La verdad no nos calmará (Tres anuncios a las afueras)

Cuando te enfrentas a una película que mezcla demasiados registros y no deja que ninguno se imponga; cuando la historia se resiste a ser etiquetada a base de giros inesperados y personajes complejos; cuando, en definitiva, como espectador, te resignas a aceptar las cosas tal como te las cuentan porque se asimilan peligrosamente a un fragmento de vida, entonces, muy probablemente, estés ante una nueva obra maestra. Y eso es exactamente Tres anuncios a las afueras (2017). Apenas en su segundo largometraje de ficción su director --Martin McDonagh-- ya exhibe una pasmosa madurez y aplomo narrativos; y aunque su primer filme de ficción --Siete sicópatas (2012)-- apuntaba detalles prometedores, nada hacía presagiar tan formidable evolución.

La película posee las mejores virtudes del cine estadounidense: para empezar, una escena inicial con una anécdota plausible, original y llamativa que permite presentar a la protagonista y ubicar al espectador en el espacio en el que se desarrollarán los hechos; a continuación, se amplía el foco con un desarrollo argumental marcado por el humor y la ironía y una galería de personajes secundarios igual de bien perfilados que los principales (el exmarido, el hijo de la protagonista, la mujer del sheriff). Para completar el cuadro, una brillante manipulación dramática de la historia: cuando parece que la comedia ácida y ciertos detalles descarnados van a determinar el tono de la historia, McDonagh se las arregla para colar instantes conmovedores; y de paso retorciendo la historia con hasta dos brillantes golpes de efecto, cuyas consecuencias se despliegan en más momentos de humor y en nuevos estallidos de violencia y de dolor. Tres anuncios a las afueras destila verismo y realidad, haciendo que el espectador olvide que todo es artificio, una maquinaria de relojería cuidadosamente diseñada, una convincente ficción. Y es que cuando un relato tan rotundo y compacto consigue desvanecerse en favor de una buscada impresión de autenticidad significa que la cosa va bien.

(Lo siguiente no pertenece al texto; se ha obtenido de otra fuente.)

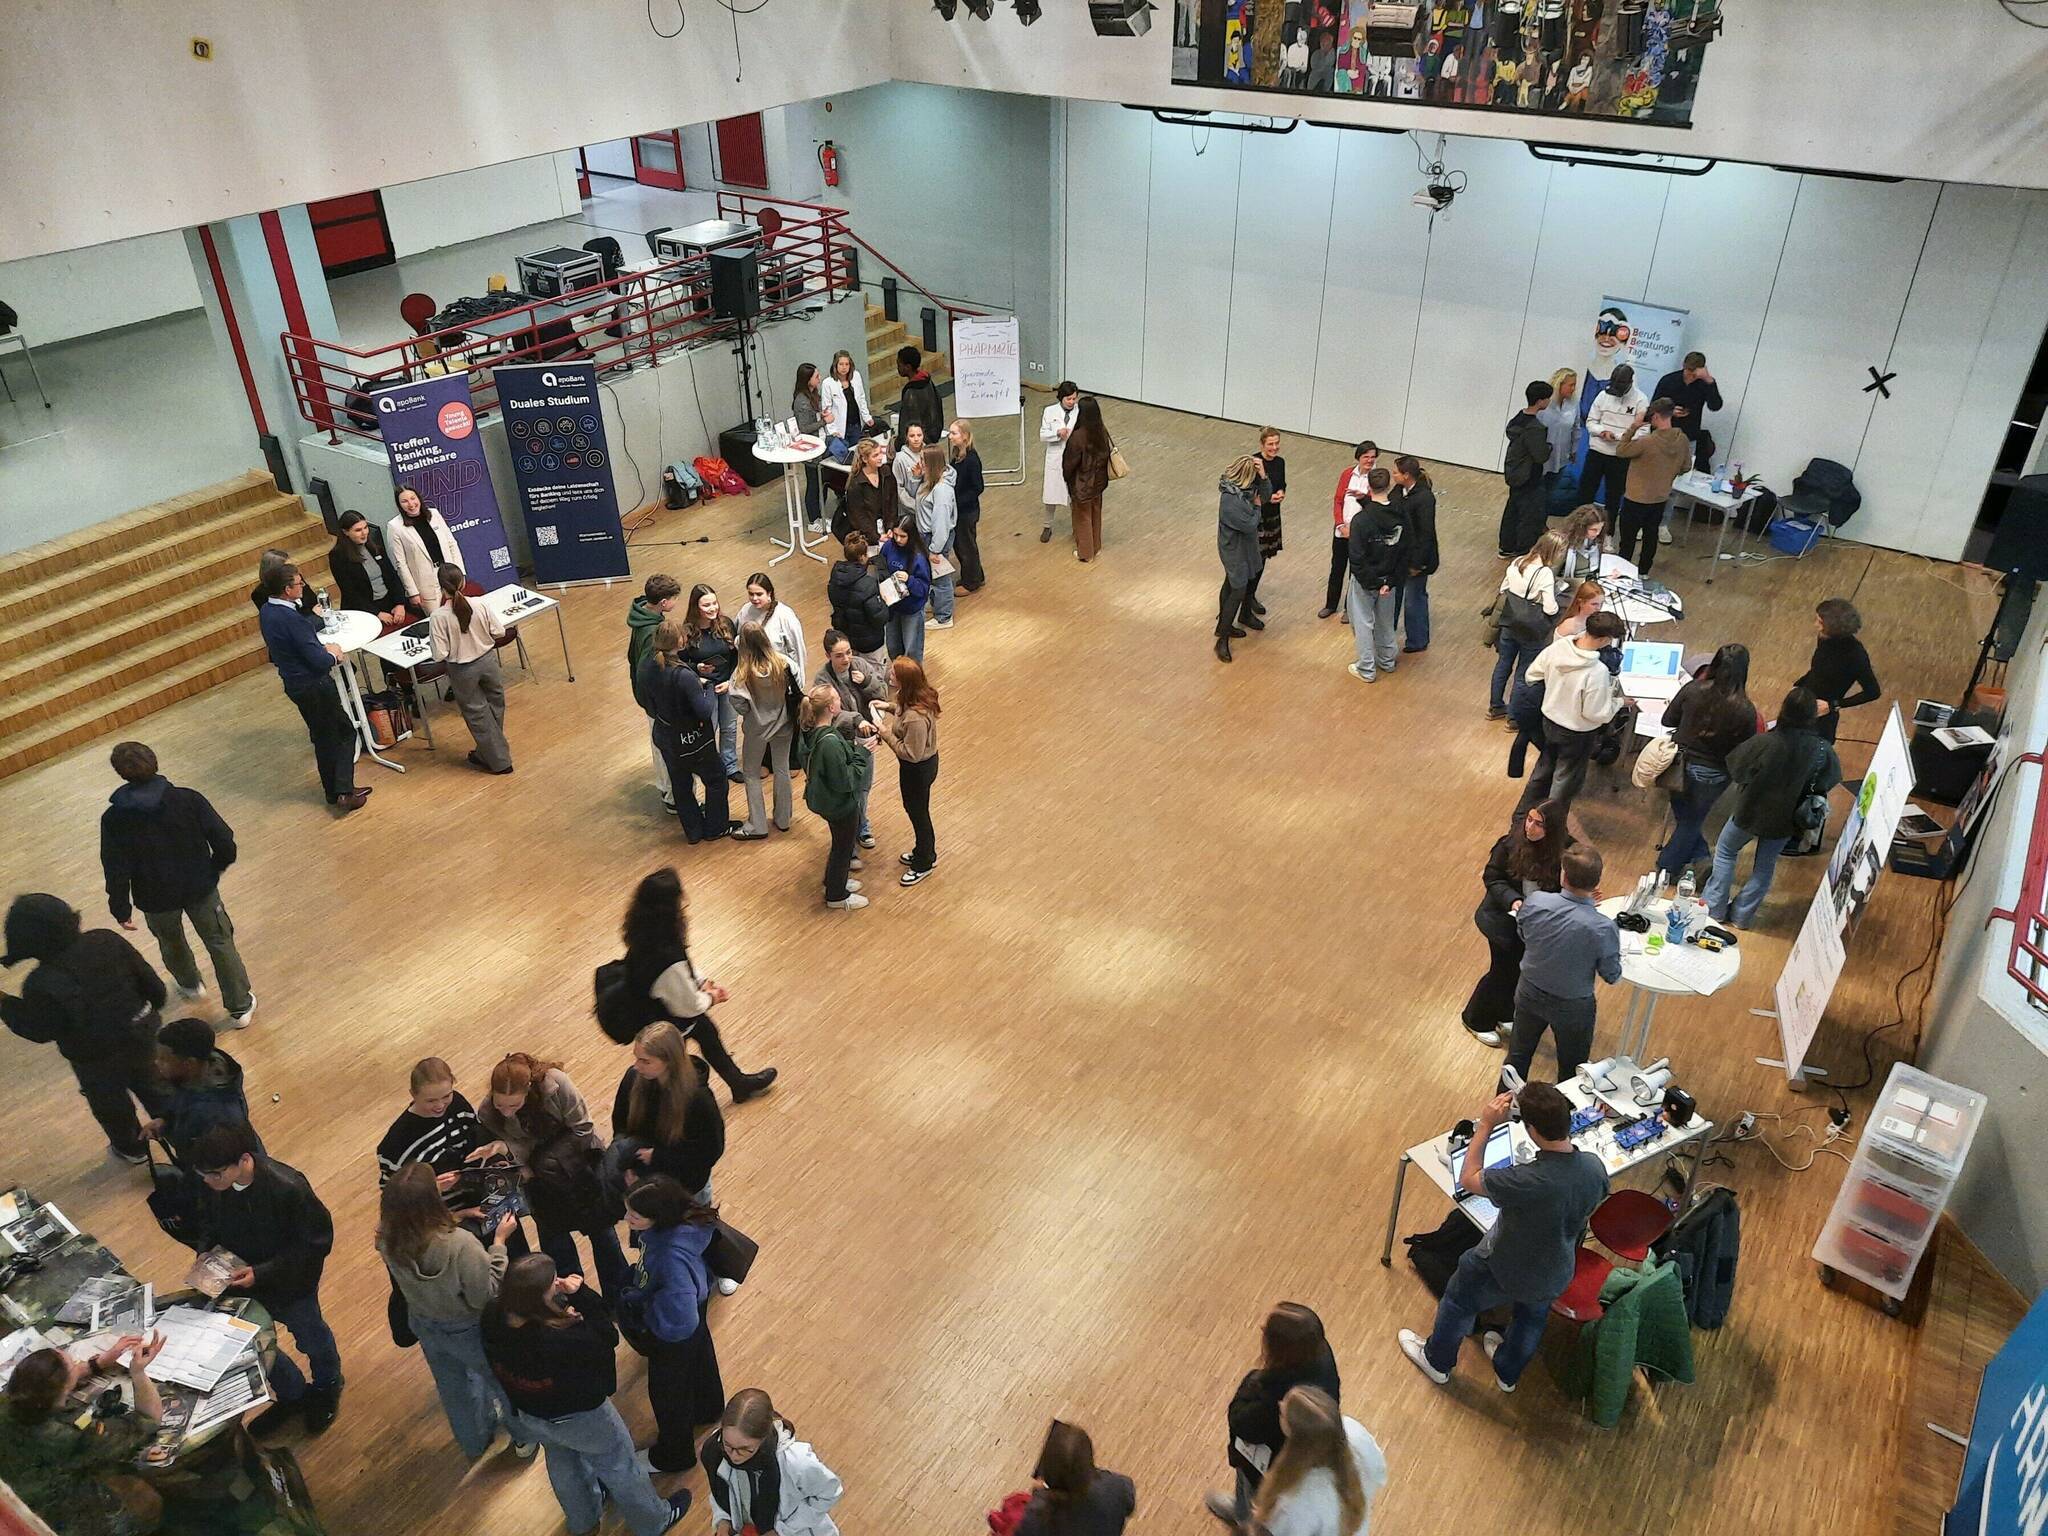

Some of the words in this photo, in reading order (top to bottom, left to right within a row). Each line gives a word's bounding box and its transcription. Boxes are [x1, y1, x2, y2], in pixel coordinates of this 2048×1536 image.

[1632, 328, 1661, 341] Berufs
[960, 340, 1016, 356] PHARMAZIE
[1628, 346, 1648, 359] Tage
[1630, 337, 1675, 354] Beratungs
[510, 398, 545, 409] Duales
[547, 395, 590, 406] Studium
[391, 436, 430, 452] Treffen
[395, 445, 442, 463] Banking,
[398, 451, 457, 473] Healthcare
[450, 518, 480, 533] ander
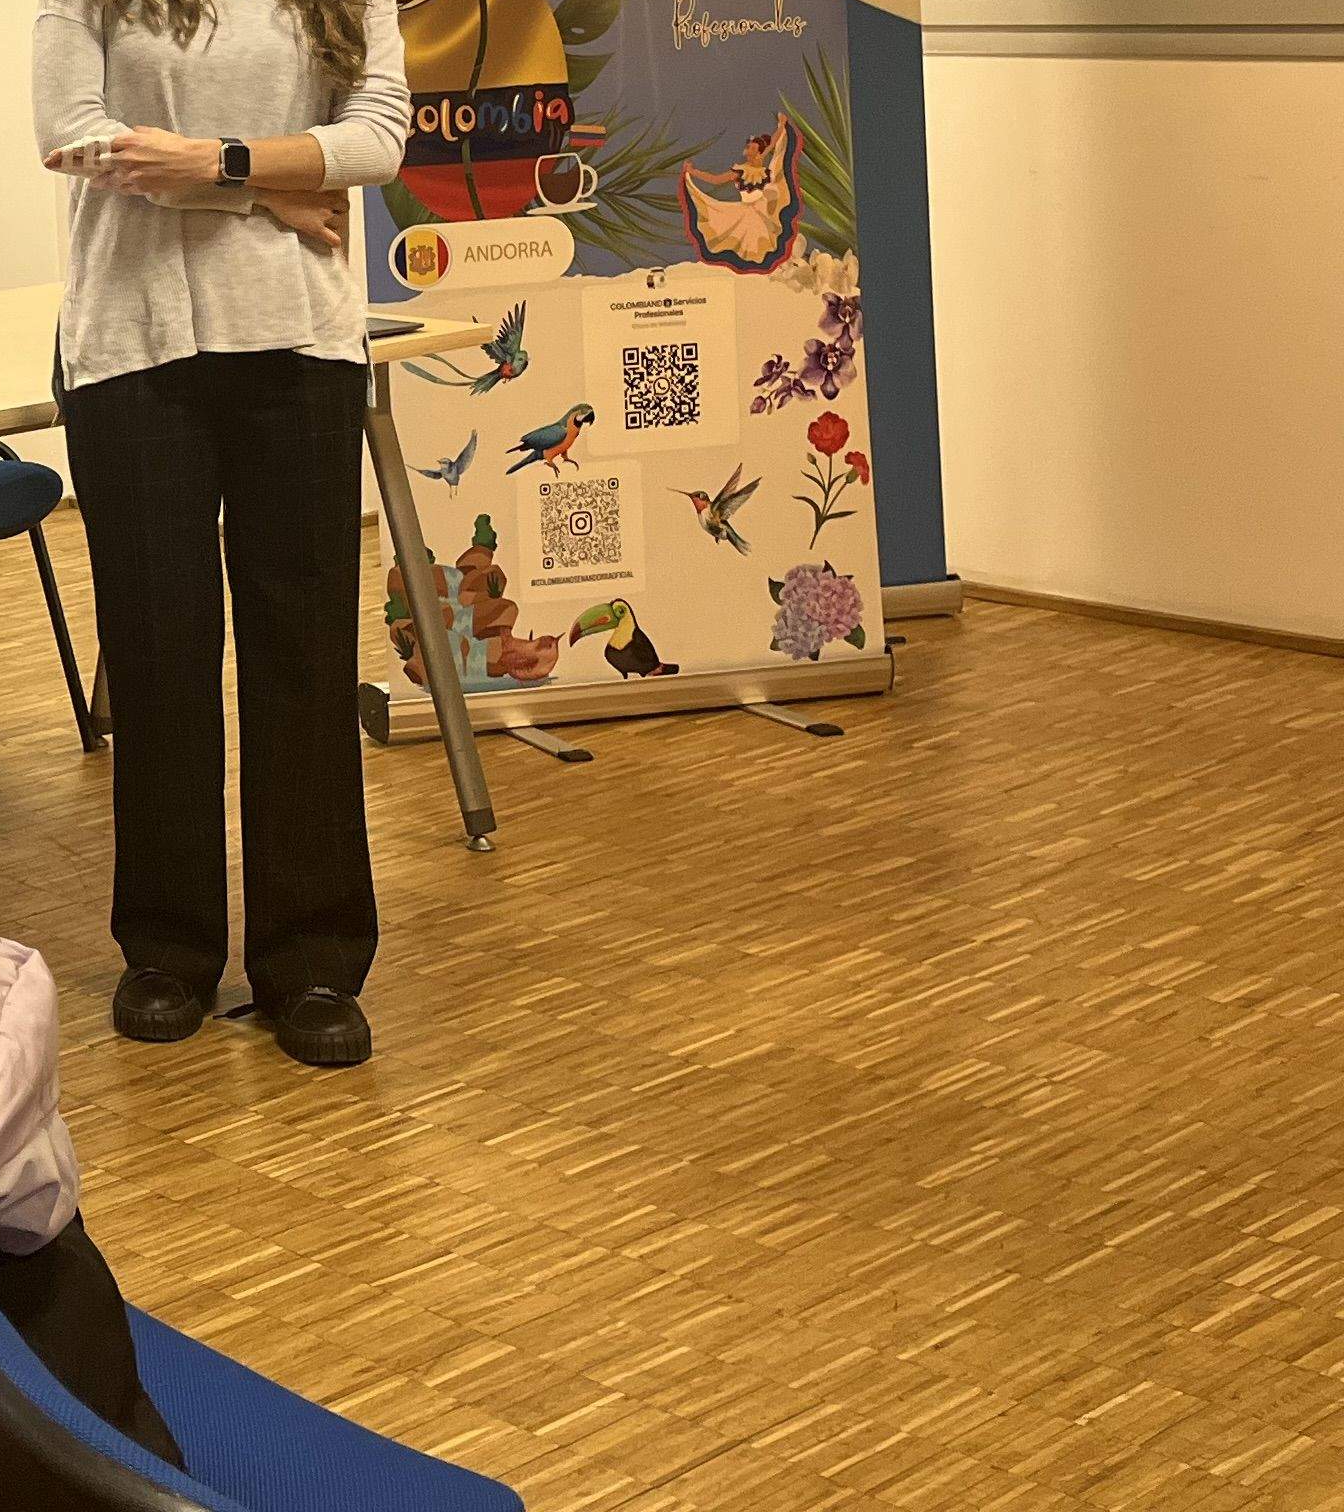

Y además, una buena noticia para sus fans: el tono y la factura del filme remiten inevitablemente a los Coen: guión de hierro forjado, personajes bien definidos a través de sus actos y sus palabras, tensión interna de las escenas bien desarrollada, diálogos brillantes (de una calidad literaria más que destacable, un sobresaliente en este apartado para McDonagh) y estallidos contundentes aunque cuidadosamente contenidos de violencia (los Coen suelen desparramarse bastante más hacia el tercio final, pero aquí no es el caso y no se echa de menos). Y por supuesto contribuye sin duda un conjunto de actores en su mejor momento interpretativo: Woody Harrelson, Frances McDormand y Sam Rockwell (los dos últimos galardonados con sendos Oscar por sus interpretaciones).

En definitiva, un filme en el que se entra sin dificultad, se saborea durante cada escena, se disfruta de su desarrollo y entristece porque termina. Pocas veces el espectador será tan consciente de estas sensaciones mientras está viendo una película. Tres anuncios a las afueras es una prueba inobjetable de que el cine aún tiene margen para profundizar en una narración, no vanguardista, pero sí tremendamente moderna y eficaz del relato en imágenes.